The school board heard a passionate plea for a better sports field at the new Queen Charlotte high school when it met Wednesday night (Sept. 23).
The field, completed only weeks ago and just now greening up with its first cover of grass, is too small for soccer, despite the fact that it meets international requirements, several people told the board, meeting in Port Clements.
“We need better than the minimum requirements. We walked it about a week ago. We can get 105 x 49 (metres) for sure, you cannot get any more,” long-time soccer coach Kevin Borserio told the board. “My concerns as a soccer coach, our kids have never played on a field that is this substandard.”
A field is legal under soccer’s governing body if it’s at least 90 x 45 metres, but Mr. Borserio said anything less than 60 metres wide is not up to snuff, as it makes kicking from the sideline by the goalpost far too easy.
He told the board that Queen Charlotte players will be at a disadvantage when they play other teams. “We are not likely to play on a field that small,” he said, and noted that all the other fields he could find are at least 60 metres wide, including ones in Port Clements (60), Sandspit (68), Prince Rupert (60), Williams Lake (64), and Houston (60) among others.
“In my opinion, you the board have sent a message to our children that they are substandard by providing them a substandard school. I truly believe that,” the popular coach known as ‘Mr. B’ said, “I feel not valued as well.”
The board also heard another concern-the school does not have a track. “Historically, the island communities have had track and field, physical education teacher Debi Burton said, adding that without a track, it’s difficult to sustain student interest.
“We were really looking forward to a field that had a track and a full-sized soccer field”, she said.” I have been a PE teacher for seven or eight years. I have never been able to use a field.”
“We should come up with a solution so we can provide opportunities for our youth. We do feel the students and the community really do deserve a full sized soccer field, somehow” she said.
Ms Burton also read a letter from Queen Charlotte teacher Karl Puls, who wrote “I feel this to be a betrayal of the highest magnitude of what staff, students and community paid for, and were entitled to expect. This situation simply should not be shrugged off. It is a disaster for our students and communities.”

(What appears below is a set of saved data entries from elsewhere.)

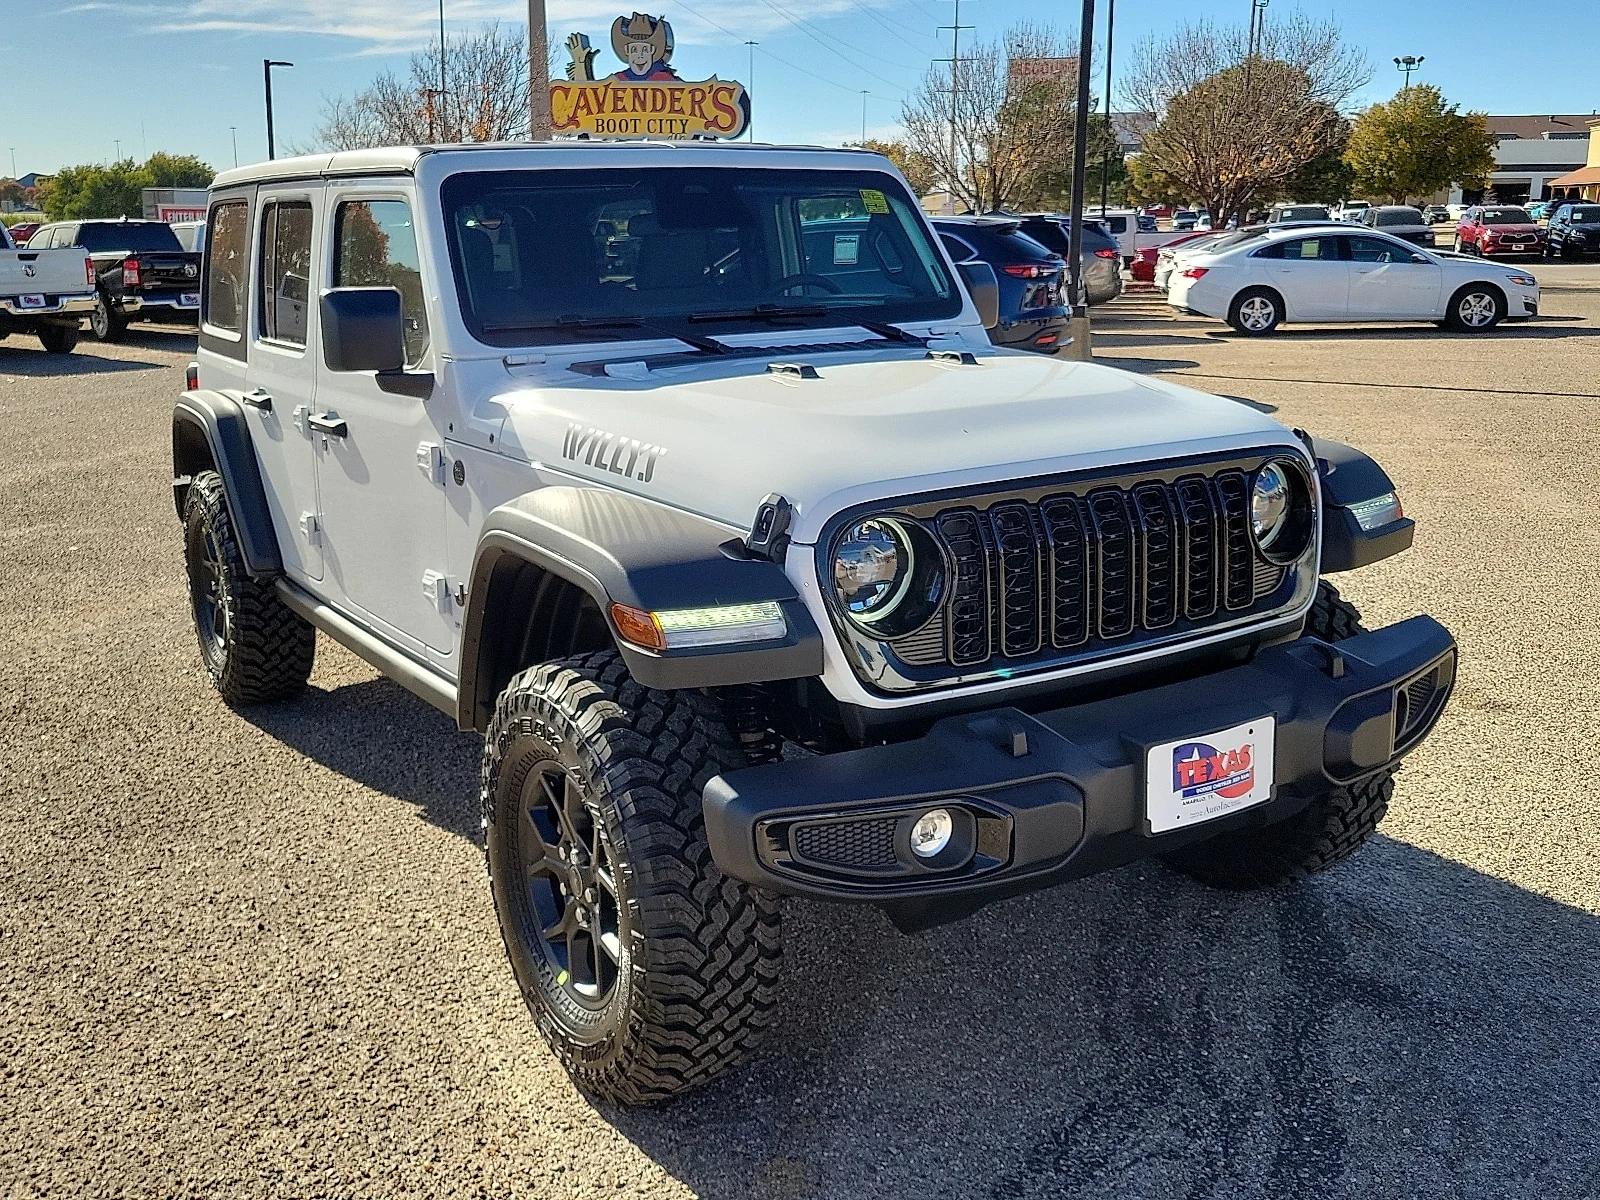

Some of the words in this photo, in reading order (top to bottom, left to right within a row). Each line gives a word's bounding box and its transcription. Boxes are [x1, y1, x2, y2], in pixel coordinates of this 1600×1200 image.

[550, 82, 737, 131] CAVENDER'S
[595, 118, 641, 133] BOOT
[647, 118, 689, 134] CITY
[563, 422, 669, 483] WILLYS
[1176, 743, 1252, 787] TEXAS

There is a possible solution that was presented to the board. Mr. Borserio said he had gone ahead and got a quote of $17,000 to move some rock at one end of the field, allowing it to be widened. Several parking spots would have to go, but a 105 x 60 metre field is possible. “I know you are going to do it. And I know we are going to get to 105,” he said.
The school district is going to look into the idea, but it’s likely to be more expensive than Mr. Boreserio’s figure.
“I would think that $60,000 is going to be more reasonable than $17,000. I need to get actual quotes”, said Bill Wiggins, school district maintenance supervisor. He said the district has to look at funding, then go back to the parties involved to see what the community wants.
“It doesn’t matter what happens, you are going to end up losing something.” Mr. Wiggins said, noting that expanding the field would sacrifice some school parking spaces.